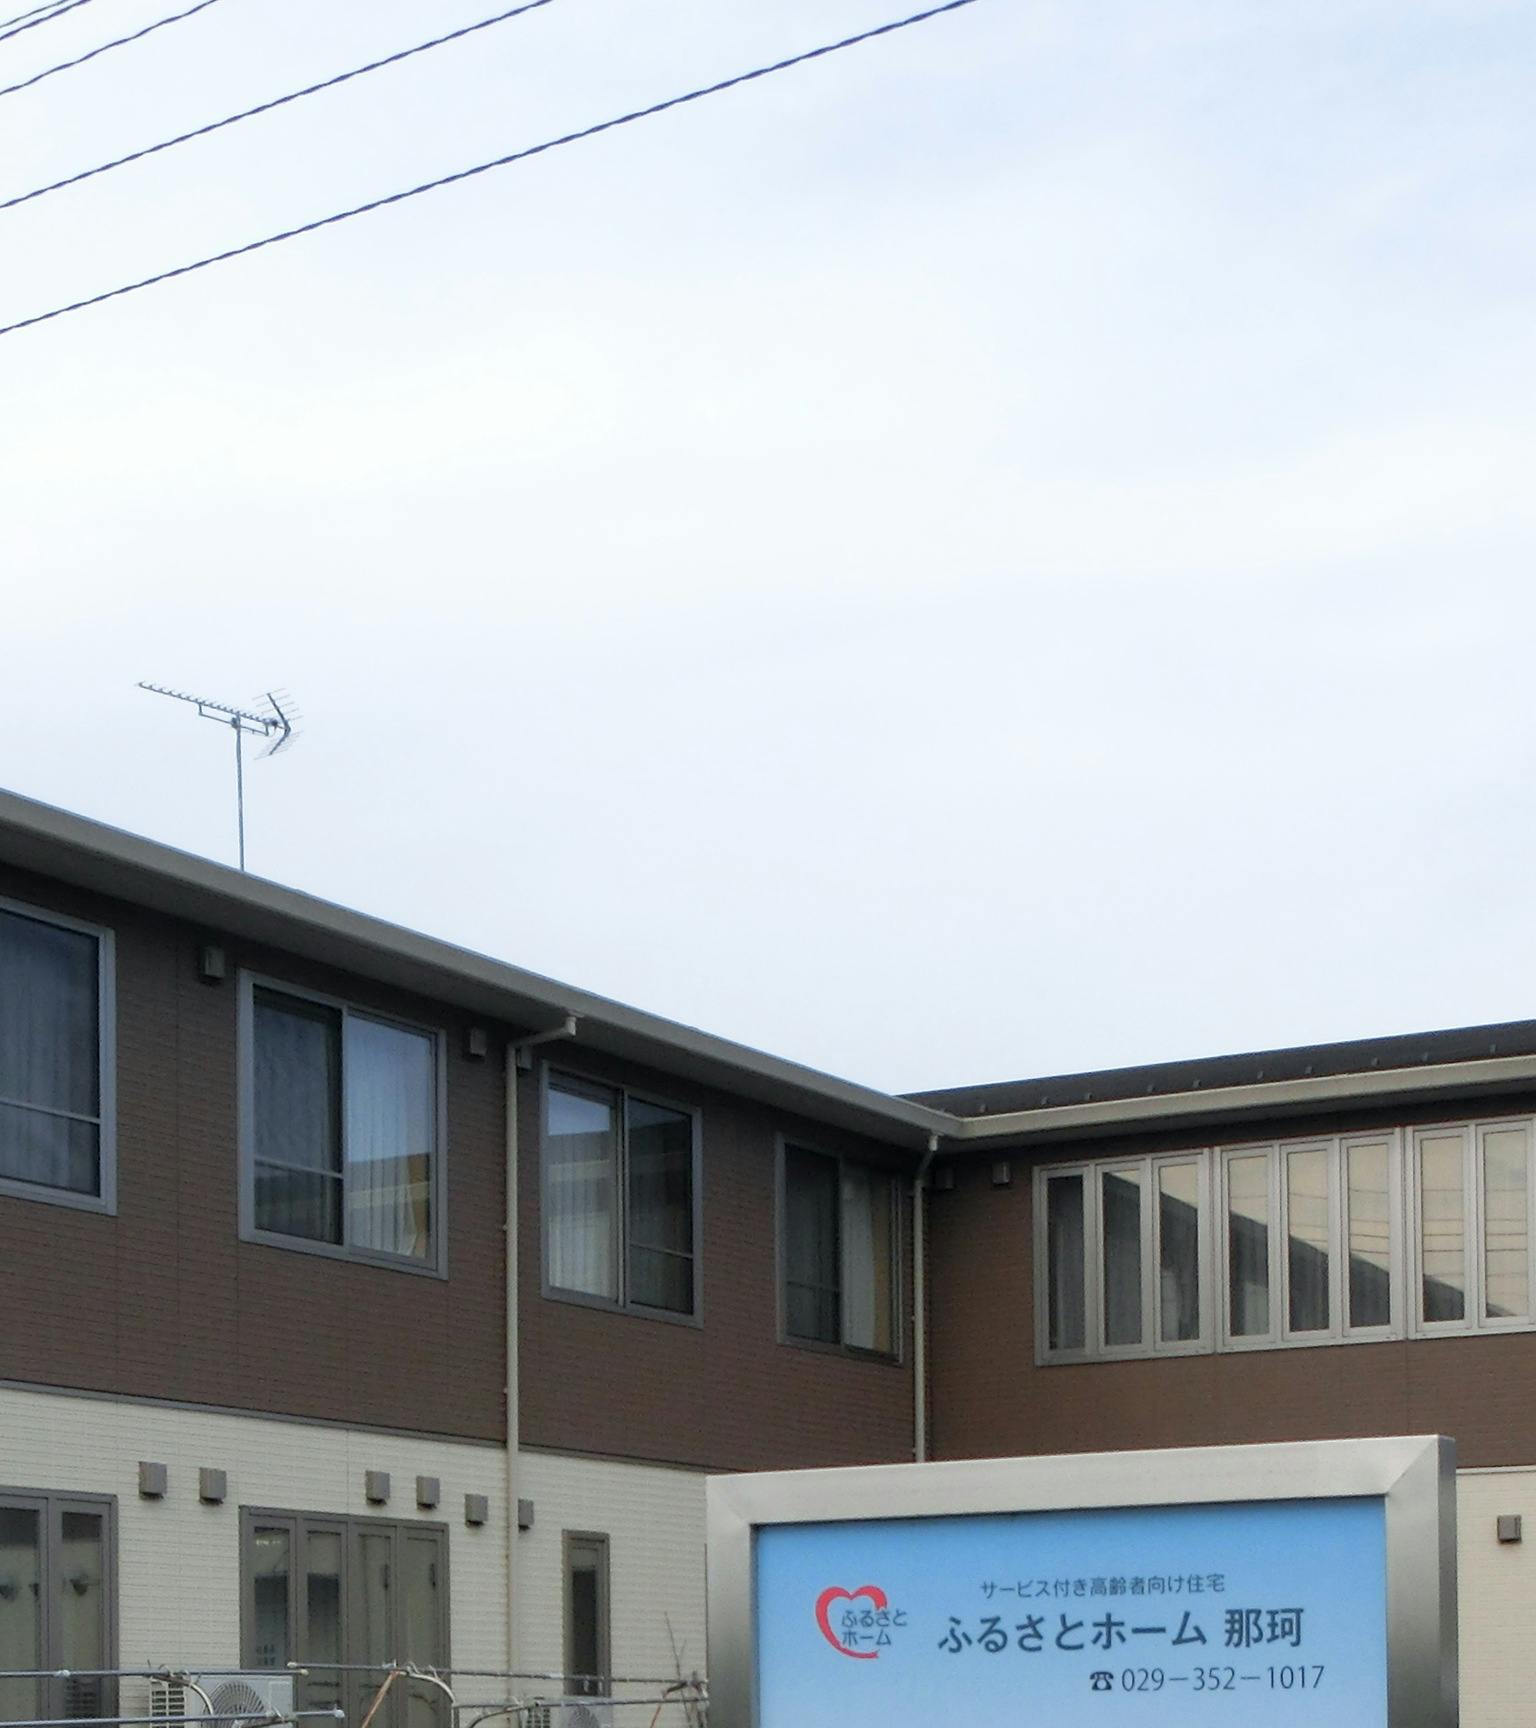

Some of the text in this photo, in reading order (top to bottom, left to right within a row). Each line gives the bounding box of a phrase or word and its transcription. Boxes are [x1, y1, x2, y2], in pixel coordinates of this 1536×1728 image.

[980, 1574, 1225, 1599] サービス付き高齢者向け住宅
[841, 1609, 908, 1628] ふるさと
[842, 1629, 892, 1647] ホーム
[937, 1607, 1304, 1653] ふるさとホーム 那珂
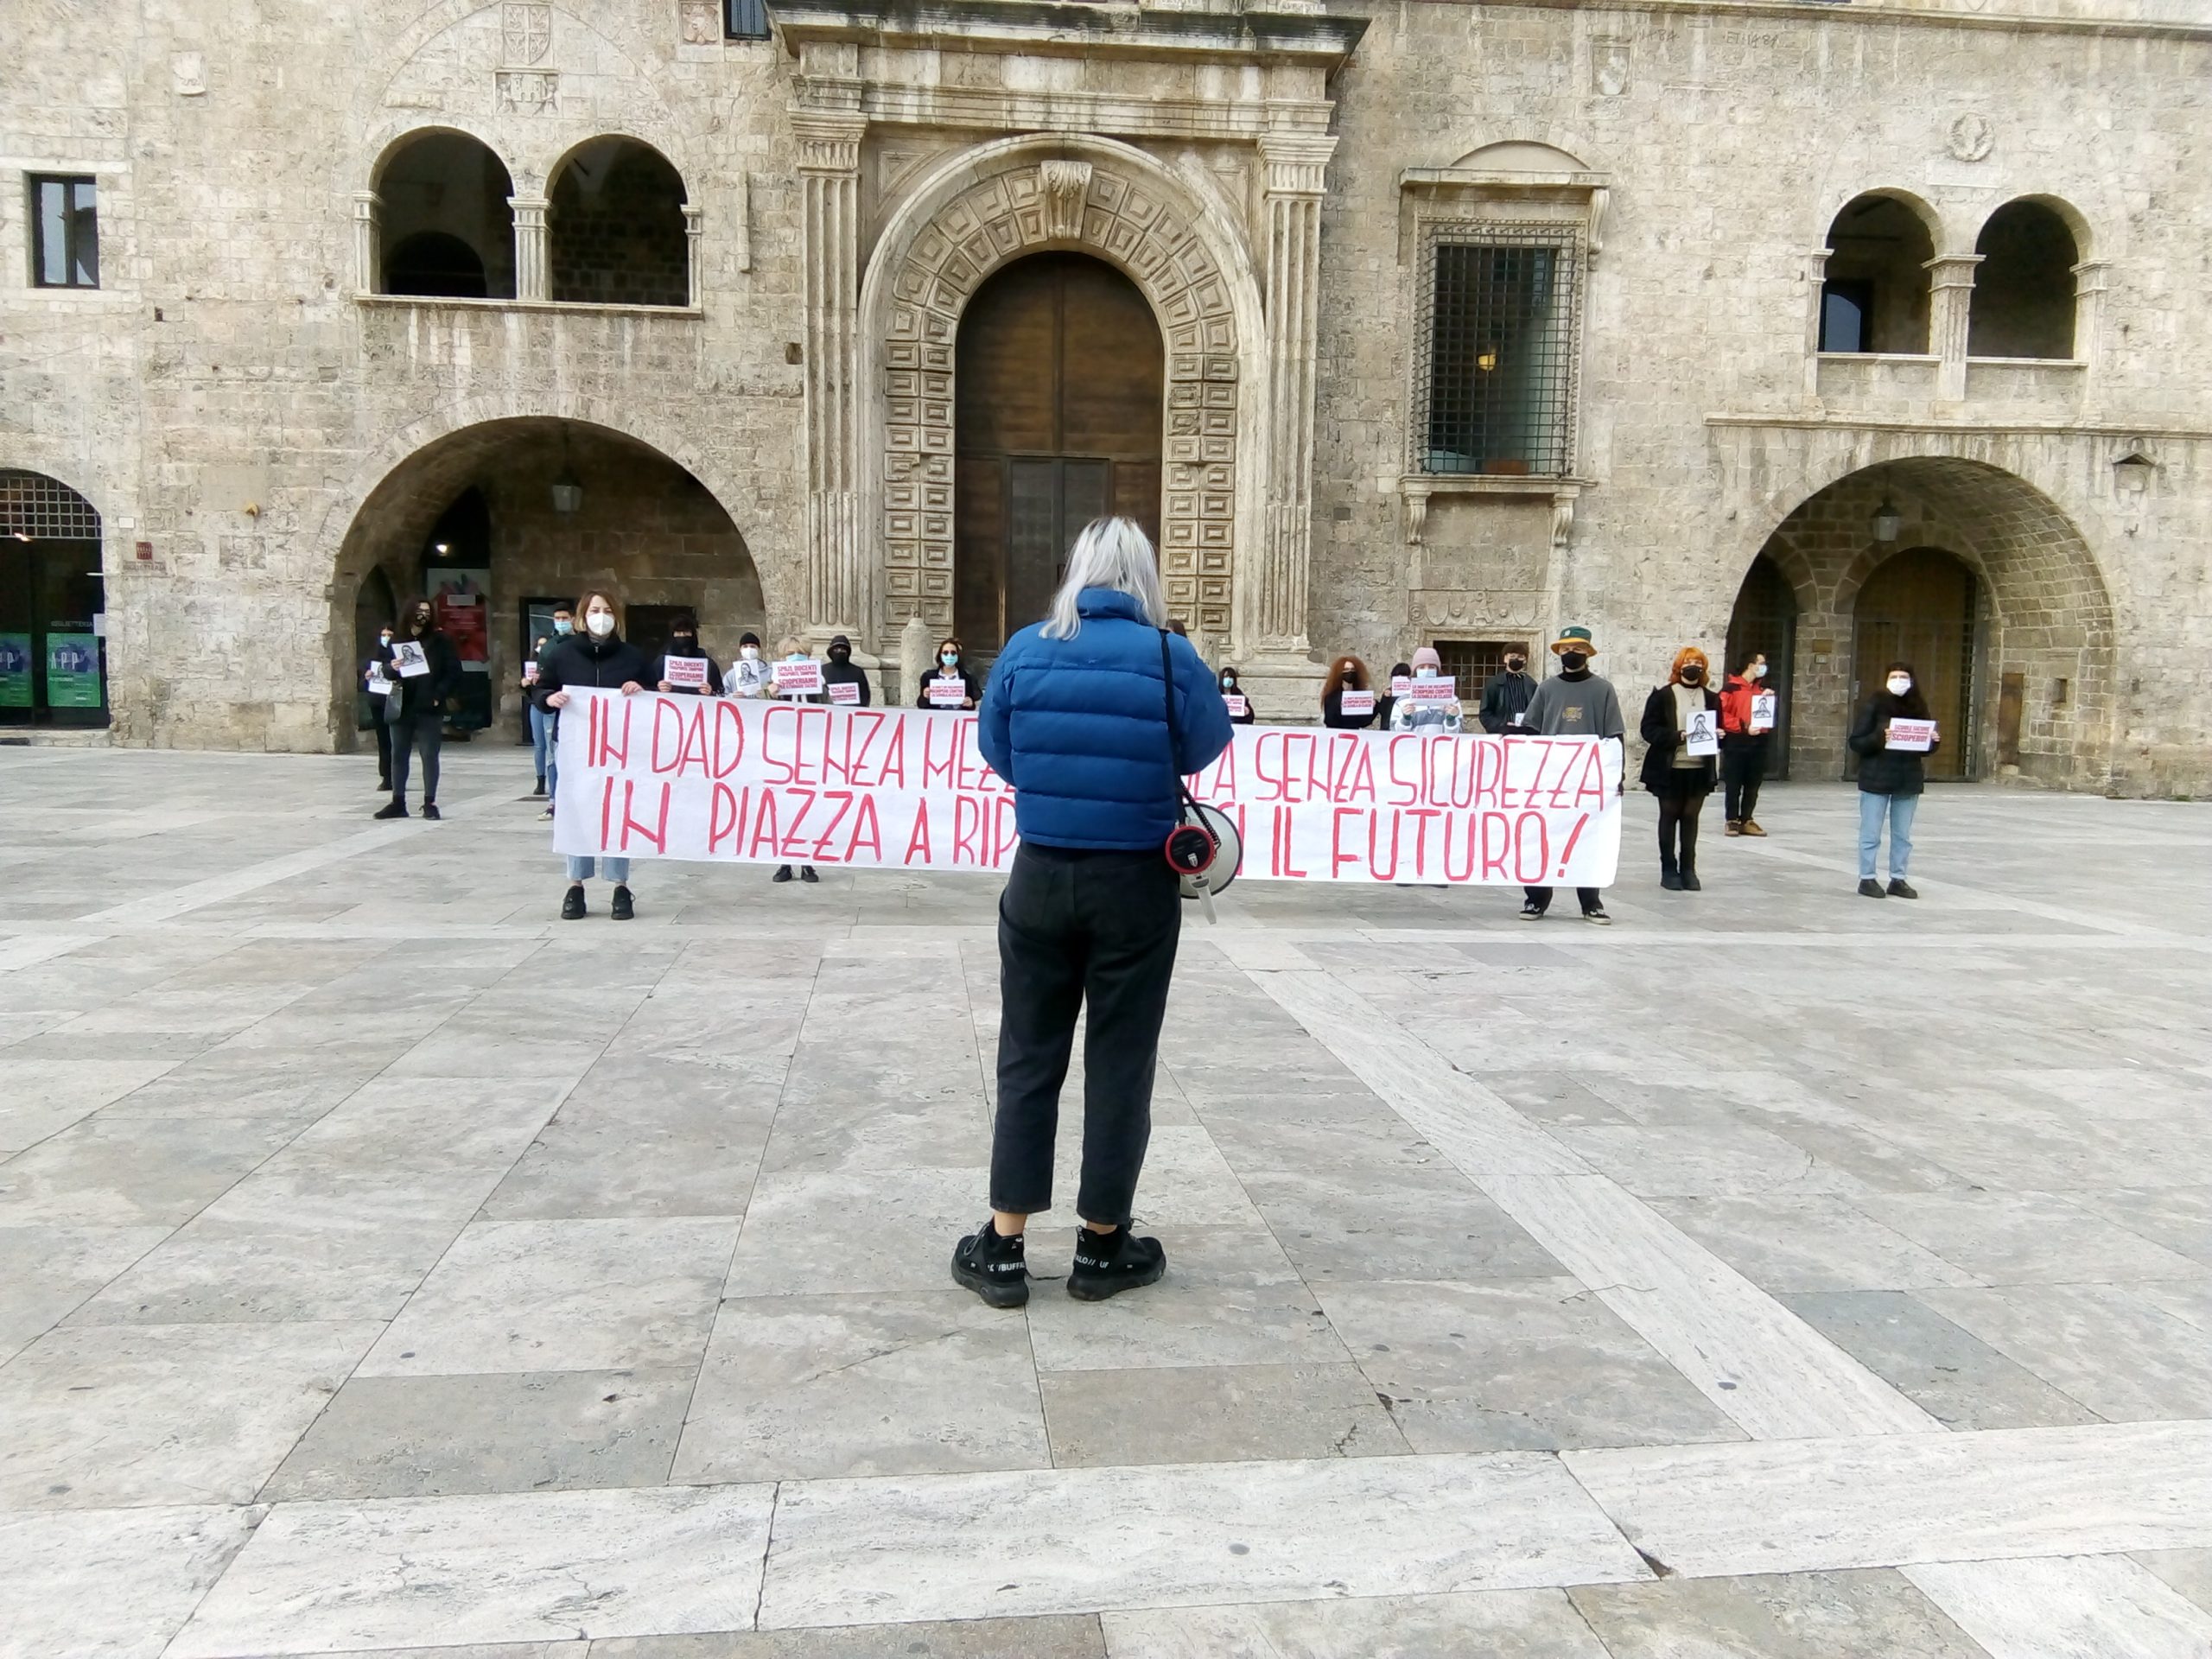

Prompt> Write out the material above once more, exactly as it reads, with no pictures.

Result for this exercise>
Some of the text in this photo, in reading order (top to bottom, left to right within a row). Each line gives the bounding box of a phrase or word and its transcription. Boxes are [x1, y1, x2, y2], in pixel coordinates of this 1536×1728 image.

[980, 1574, 1225, 1599] サービス付き高齢者向け住宅
[841, 1609, 908, 1628] ふるさと
[842, 1629, 892, 1647] ホーム
[937, 1607, 1304, 1653] ふるさとホーム 那珂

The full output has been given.